Tomodachi Life: Living the Dream Direct ...

Tomodachi Life: Il gioco "scherzo" di Nintendo diventa NSFW

Nintendo definisce Tomodachi Life: Living the Dream "il gioco scherzo definitivo", ma la demo ha già dimostrato che i fan hanno in mente uno scherzo di tipo diverso.

Eliza Crichton-Stuart

Eliza Crichton-Stuart

Aggiornato apr 16, 2026

Tomodachi Life: Living the Dream Direct ...

"Il concetto di Tomodachi Life è essere il gioco definitivo basato su uno scherzo tra amici," ha dichiarato il director Ryutaro Takahashi a Nintendo in una recente intervista agli sviluppatori. Innocuo, vero? Umorismo condivisibile tra amici, riferimenti interni, puro divertimento. Poi è uscita la demo gratuita, e i fan hanno subito iniziato a insegnare ai loro Mii cose che farebbero arrossire un marinaio.

Cosa intendeva davvero Nintendo per "gioco basato su uno scherzo tra amici"

Takahashi e il programming lead Takaomi Ueno si sono seduti con Nintendo per un'intervista "Ask the Developer" in vista del lancio di Tomodachi Life: Living the Dream, e la loro visione per il gioco è genuinamente interessante. La direzione principale del design è stata costruita attorno ai contenuti generati dagli utenti, o UGC, come modo per dare ai giocatori un senso di proprietà creativa e impedire che l'esperienza diventi monotona.

"Abbiamo pensato che l'UGC, che permette ai giocatori di creare quello che vogliono, si adattasse bene a questo concetto," ha spiegato Takahashi. "Abbiamo pensato che combinare il gameplay fornito dal team di sviluppo con ciò che i giocatori creano da soli avrebbe aperto infinite possibilità di divertimento con il gioco."

La chiave qui è quella frase: "quello che vogliono". Nintendo intendeva chiaramente nello spirito di personalizzazione e umorismo condiviso con le persone che conosci. I giocatori l'hanno interpretata diversamente.

La demo, il problema del filtro e il caos che ne è seguito

Tomodachi Life: Living the Dream non ha alcun filtro sui contenuti. Nessuno. Puoi digitare essenzialmente qualsiasi cosa nella bolla di pensiero di un Mii, e il gioco la gestirà. Video dalla demo hanno inondato i social media mostrando Mii che discutevano casualmente di cose che non dovrebbero assolutamente trovarsi in un titolo Nintendo, da frasi esplicite a umorismo adulto genuinamente fuori di testa.

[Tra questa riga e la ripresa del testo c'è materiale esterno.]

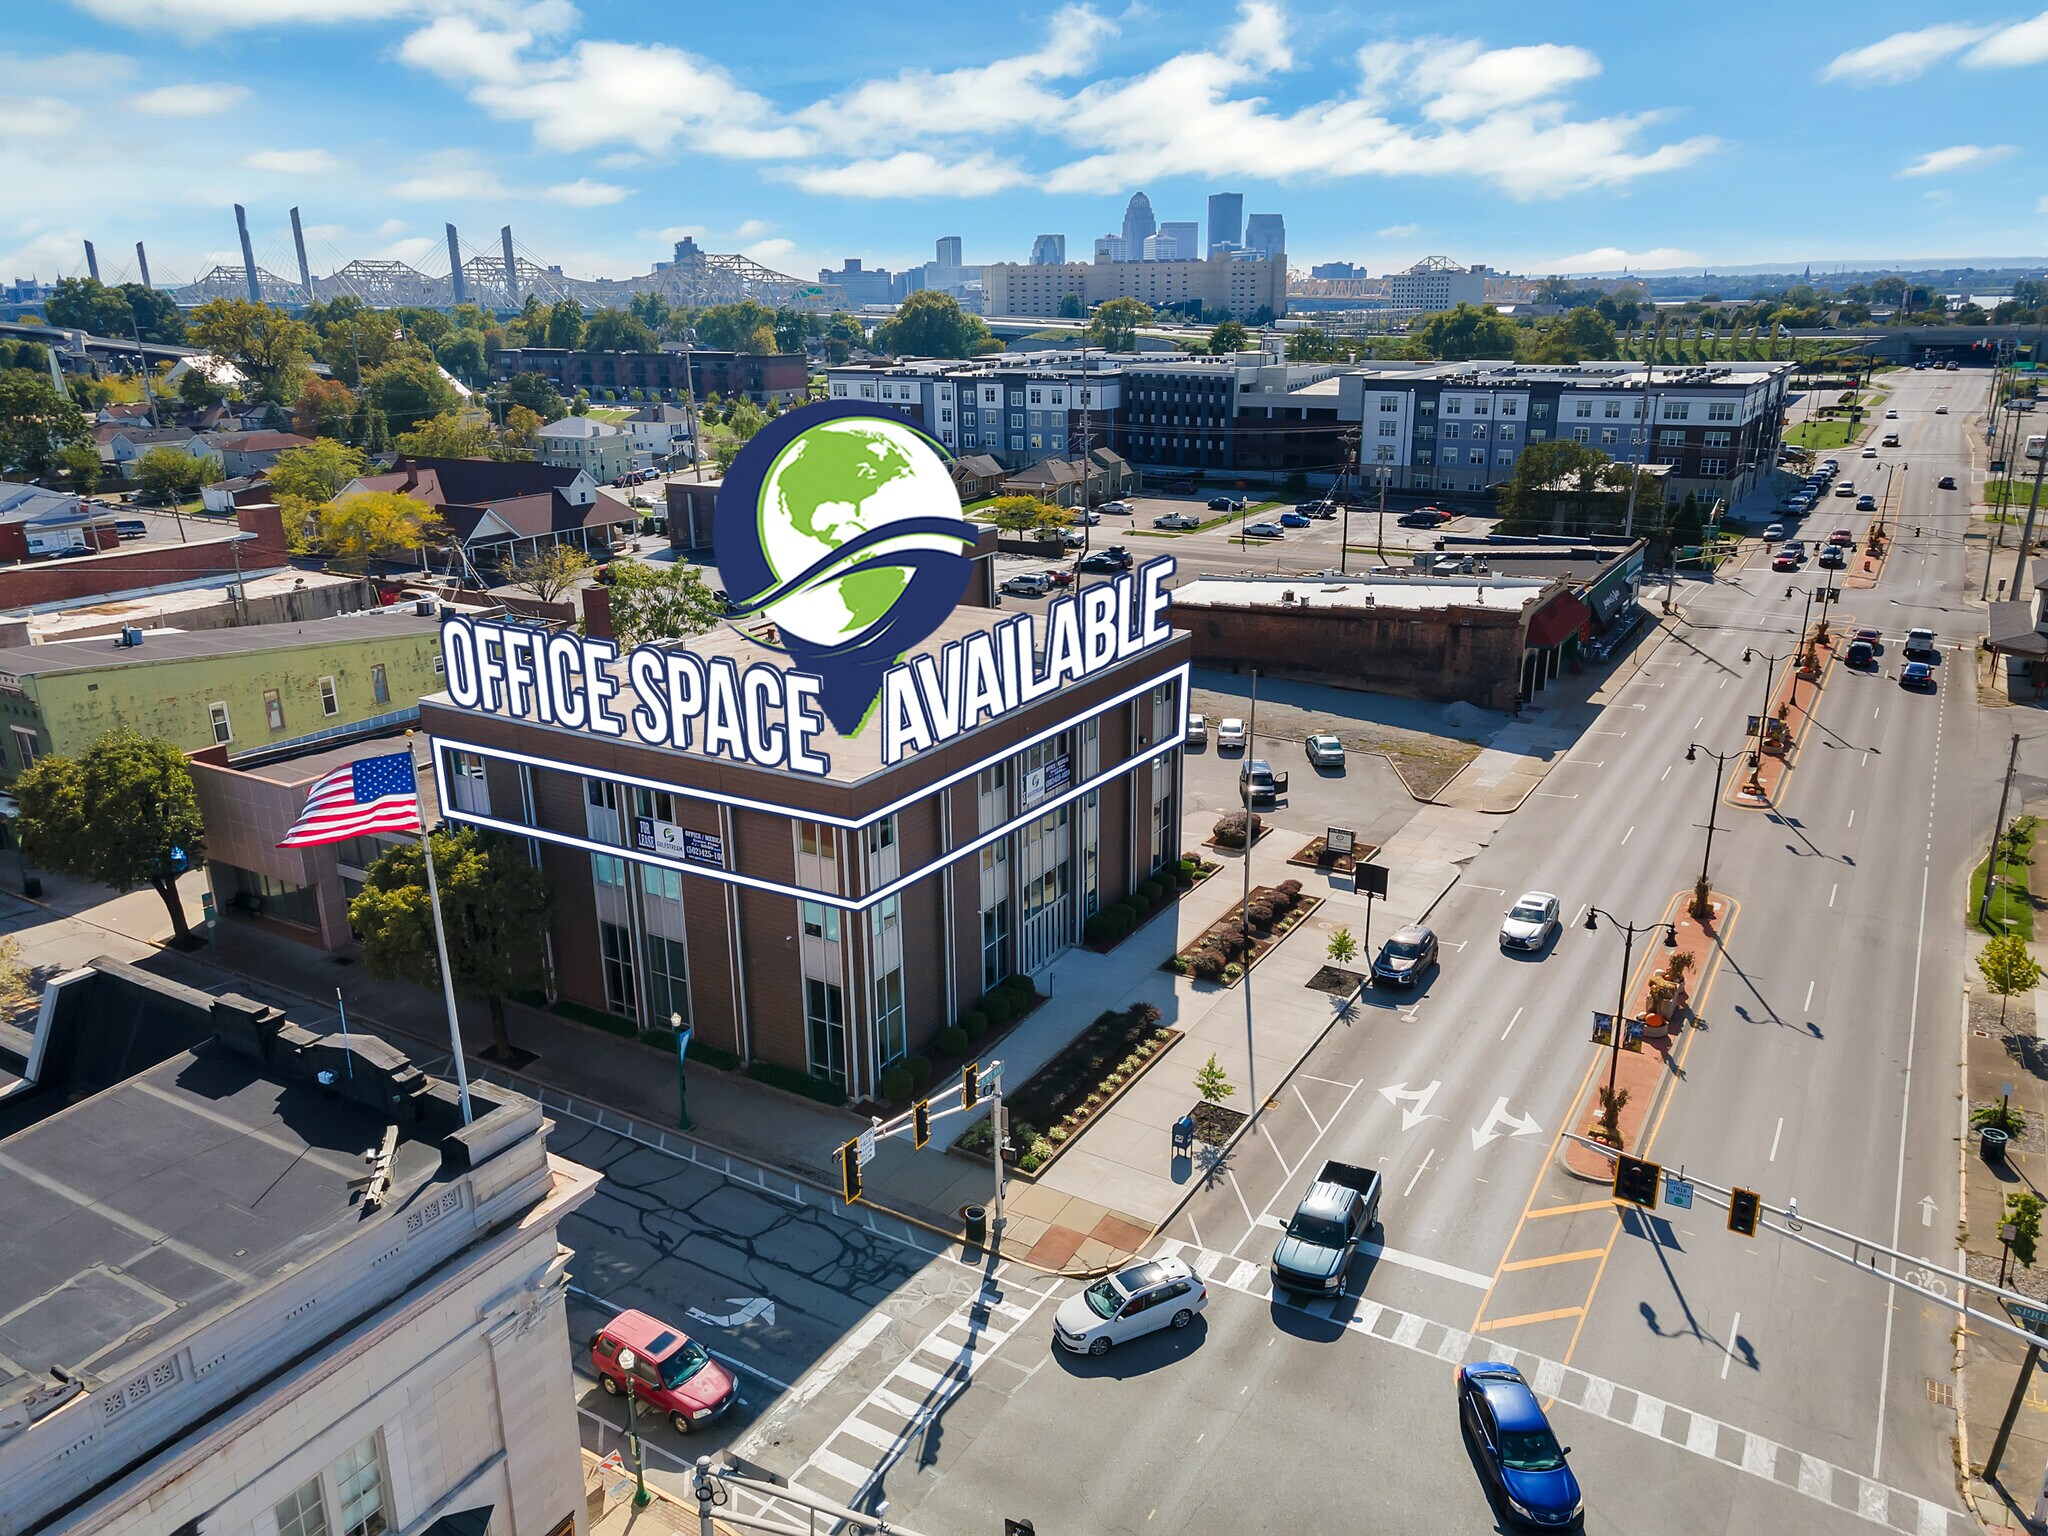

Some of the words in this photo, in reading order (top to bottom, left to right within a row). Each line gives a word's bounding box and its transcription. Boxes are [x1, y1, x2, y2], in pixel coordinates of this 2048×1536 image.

Questo non è un territorio completamente nuovo per la serie. L'originale Tomodachi Life per 3DS ha avuto i suoi momenti selvaggi, ma Living the Dream espande una meccanica specifica che rende le cose considerevolmente più potenti. Ueno ha confermato che "la sfera di influenza dei personaggi Mii si è espansa rispetto al gioco precedente". In pratica, ciò significa che qualsiasi cosa insegni a un Mii può diffondersi ad altri sull'isola, creando una reazione a catena di qualsiasi caos tu abbia deciso di seminare.

Il divario tra l'intento degli sviluppatori e la realtà dei giocatori

Ecco il punto: questa tensione tra ciò che Nintendo ha progettato e ciò che i giocatori fanno effettivamente con esso non è un bug nella formula di Tomodachi Life. È fondamentalmente tutto il suo fascino.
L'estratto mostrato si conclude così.